The increase in our aging population presents a need for research on healthy aging. Here, we present work examining the role of ceramide and sphingomyelin metabolism on aging. Ceramide, which can be synthesized de novo or by recycling from sphingomyelin, is a sphingolipid that is important in responding to oxidative stress. Furthermore, it is known that ceramide levels increase with age, making ceramide an important lipid mediator of aging. We utilized C. elegans' mutants lacking acid sphingomyelinase (
asm-3) and ceramide synthase (
hyl-2), which are previously found to be long- and short-lived, respectively.
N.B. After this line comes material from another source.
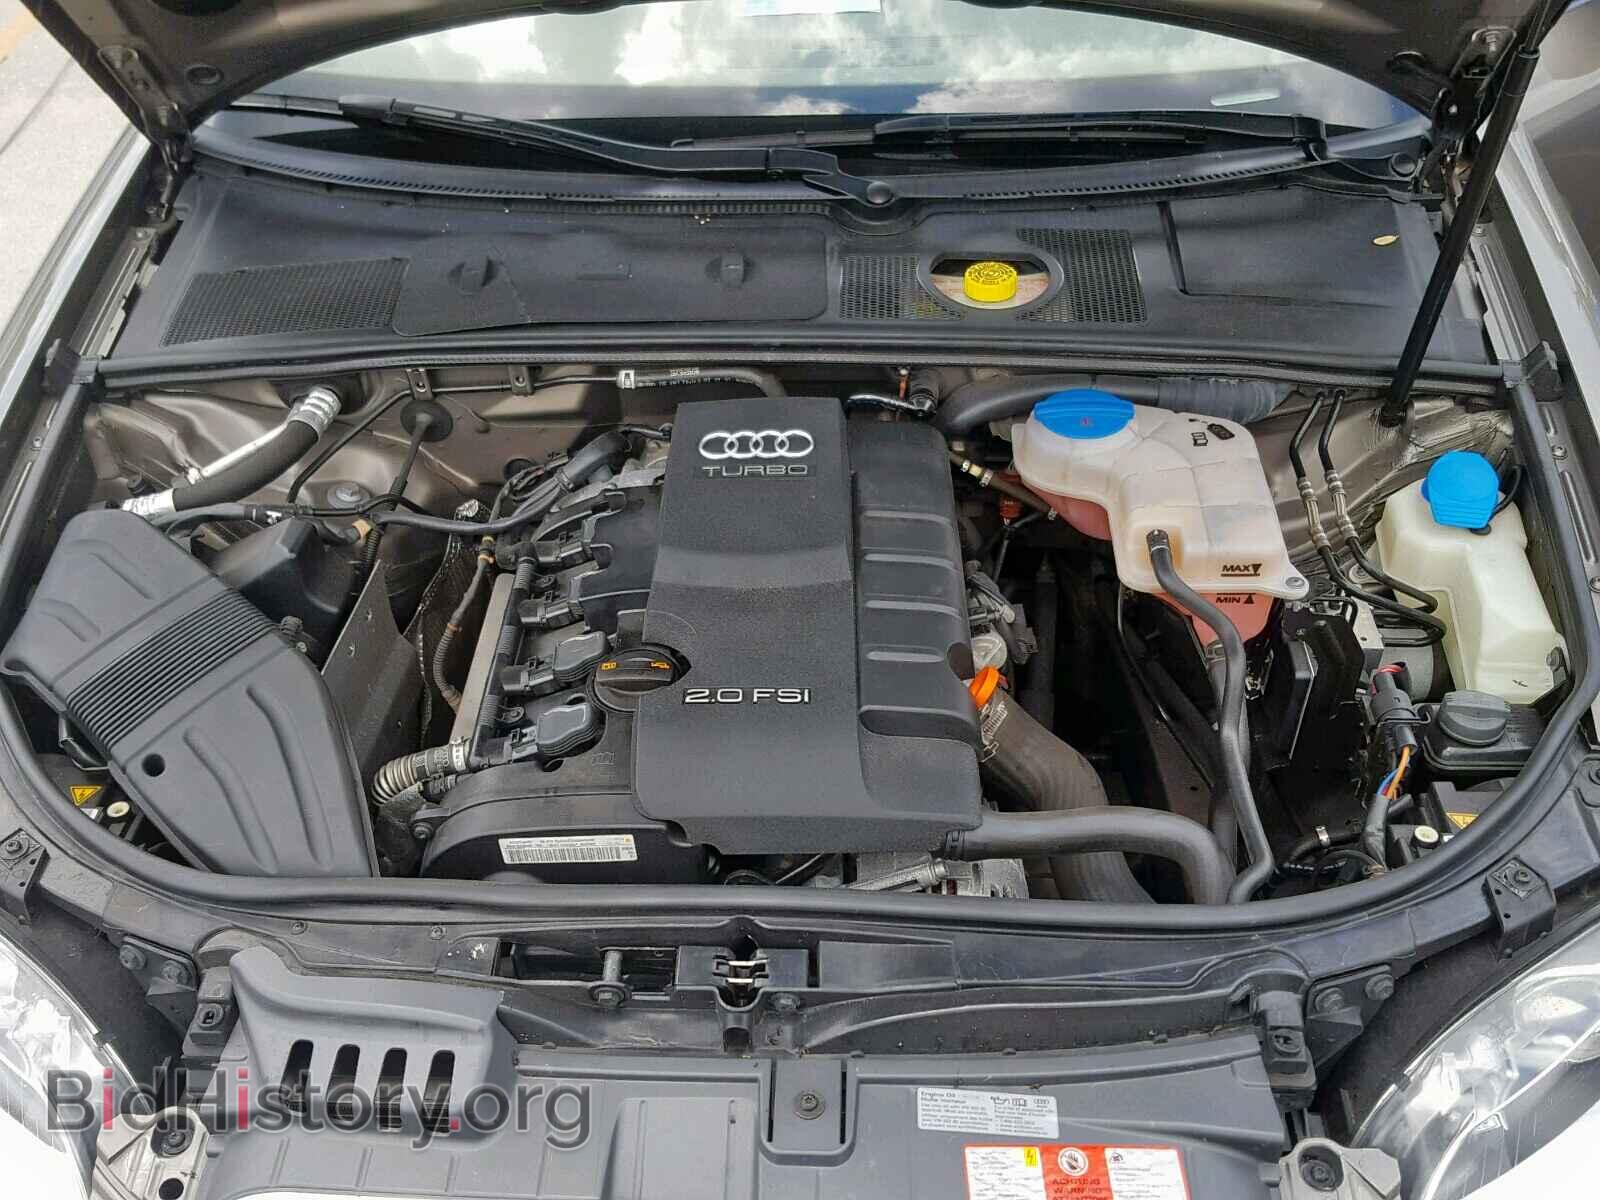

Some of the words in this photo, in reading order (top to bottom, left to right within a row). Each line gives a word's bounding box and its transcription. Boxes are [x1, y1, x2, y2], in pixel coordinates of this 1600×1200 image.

We performed a lipidomic analysis to explore longitudinal changes in lipid concentrations in wild type (N2) worms at 1, 5, and 10 days of age, compared to long-lived worm models (
eat-2/mAChR and
asm-3/acid sphingomyelinase) as well as short-lived worm models (
daf-16/FOXO and
hyl-2/ceramide synthase). Among our samples, we detected 700 different lipids, including fatty acids and sphingomyelins. Interestingly, 10-day old
hyl-2 mutants, which have a reduced life-span, showed an increased concentration of the putative omega-3 fatty acid, eicosapentaenoic acid (EPA), which has been shown to increase with longevity in worms. Conversely,
asm-3 mutants, which are long-lived animals, have reduced levels of EPA. To expand upon our lipidomic data with enzymatic findings, we utilized RT-qPCR analysis to longitudinally analyze fatty acid desaturases (
fat-1 and
fat-4) involved in EPA metabolism in worms. We found that
fat-4 expression is reduced in 1, 5, and 10 day
hyl-2 animals, suggesting that ceramide metabolism may impact fatty acid genes involved in aging. Further work will examine the role of fatty acid tail elongases (
elo-5 and
elo-6) in
hyl-2 and
asm-3 mutant animals. This analysis will better define the intrinsic biochemical lipid processes associated with ceramide metabolism in aging animals.